I think it had something to do with the strong flavours that I seem to have a tendency to love. I’ve mentioned before that I love all things peanut butter, anything with lavender in it, and ginger. Ginger, oh ginger. You are so yummy. I normally keep a container of crystallized (or I call it candied) ginger in my cupboard. It’s a great sweet treat every once in awhile. Spicy and sweet. Guess who else likes it? My boys! I think it’s pretty great that they share some of my loves. Especially this one, because wow! Sometimes that stuff is REALLY spicy.
There is a bakery in town that makes apricot ginger scones. And I LOVE them. The mellowing flavour of the apricot and the spicy kick from the ginger come together to make a bonkers awesome scone. And I love those chewy chunks of both. I don’t really like spending $4 for one scone though. I wanted to try to recreate for at home, but using a seasonal fruit.
We went apple picking last weekend, so I had some really great ones on hand. I think I used a Cortland. It was a pretty big apple, but I used the whole thing – if you want less of an apple party in your scone, I’d suggest using a small apple, or only using half a large one. It’s definitely customizable.
- 2 1/2 cups flour
- 2 tsp baking powder
- 1/2 tsp salt
- 1/4 cup sugar
- 3/4 cup butter
- 3/4 cup + 2 Tbsp buttermilk
- 1/2 tsp vanilla
- 1/3 cup candied ginger, chopped
- 1 medium apple, peeled and diced
- 1 Tbsp butter, melted (for brushing)
- Sugar for sprinkling
- Preheat oven to 375F. Line a large cookie sheet with parchment paper.
- Mix the first four dry ingredients together in a medium bowl.
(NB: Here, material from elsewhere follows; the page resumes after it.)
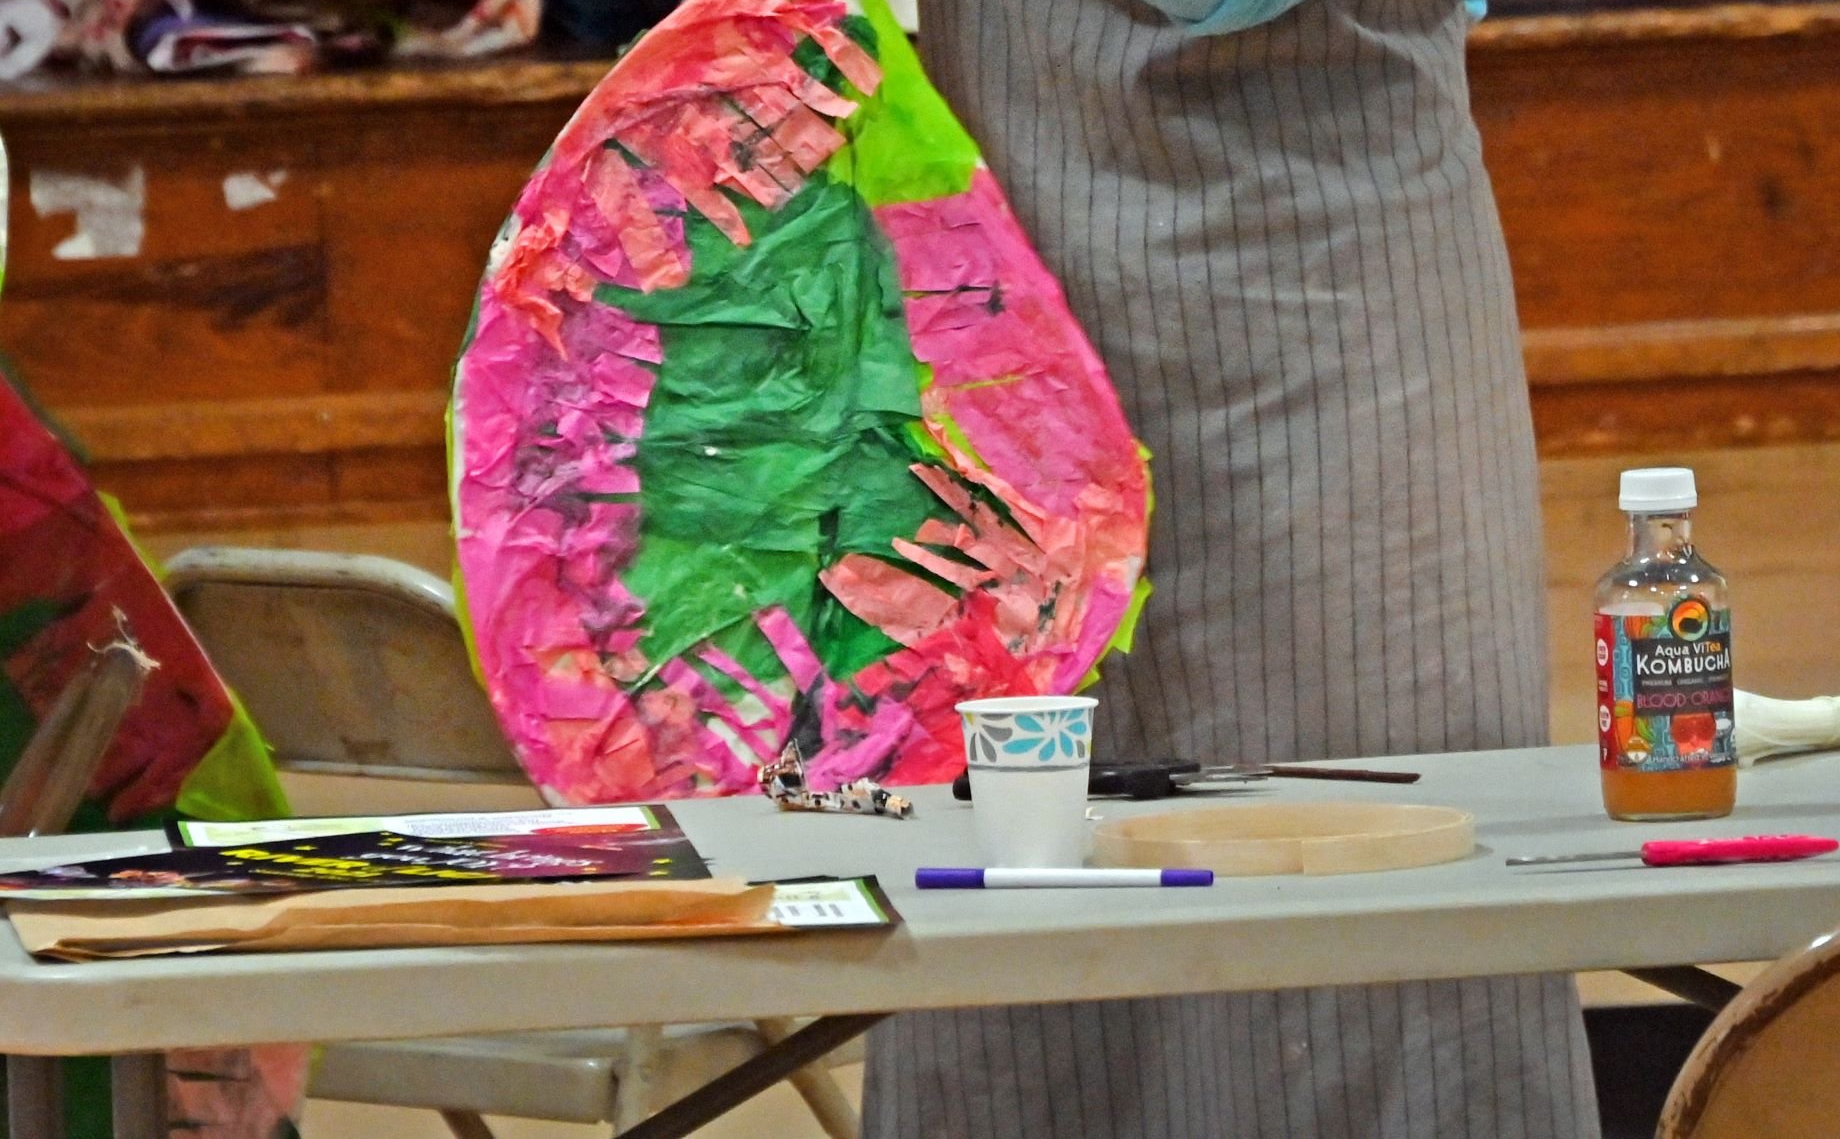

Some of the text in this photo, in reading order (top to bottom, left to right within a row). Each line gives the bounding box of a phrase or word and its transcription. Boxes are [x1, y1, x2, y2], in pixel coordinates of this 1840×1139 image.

[1655, 644, 1689, 658] Aqua
[1637, 648, 1730, 675] KOMBUCHA
[1636, 693, 1686, 708] BLOOD
Cut in the butter with a pastry cutter, two knives, or your fingers, until the crumbs resemble small peas.
- Pour in buttermilk and vanilla, and stir lightly, until just combined.
- Add in ginger and apples.
- Turn onto a lightly floured surface, and roll into a circle (about 9-10 inches diameter, 1 inch thick, or so). Cut into 6-8 pieces. Transfer to cookie sheet, leaving at least a 1/4 inch between scones. Brush tops with melted butter, and sprinkle with sugar.
- Bake for 22-25 minutes, or until the tops are lightly browned. Let cool on cookie sheet for 8-10 minutes, and then either EAT or transfer to a cooling rack.
- You can most certainly cut these smaller, if you just want bite-sized scones, or cut them out into rounds! Whatever you're looking to do. Just note that they might have a shorter bake time if they're smaller.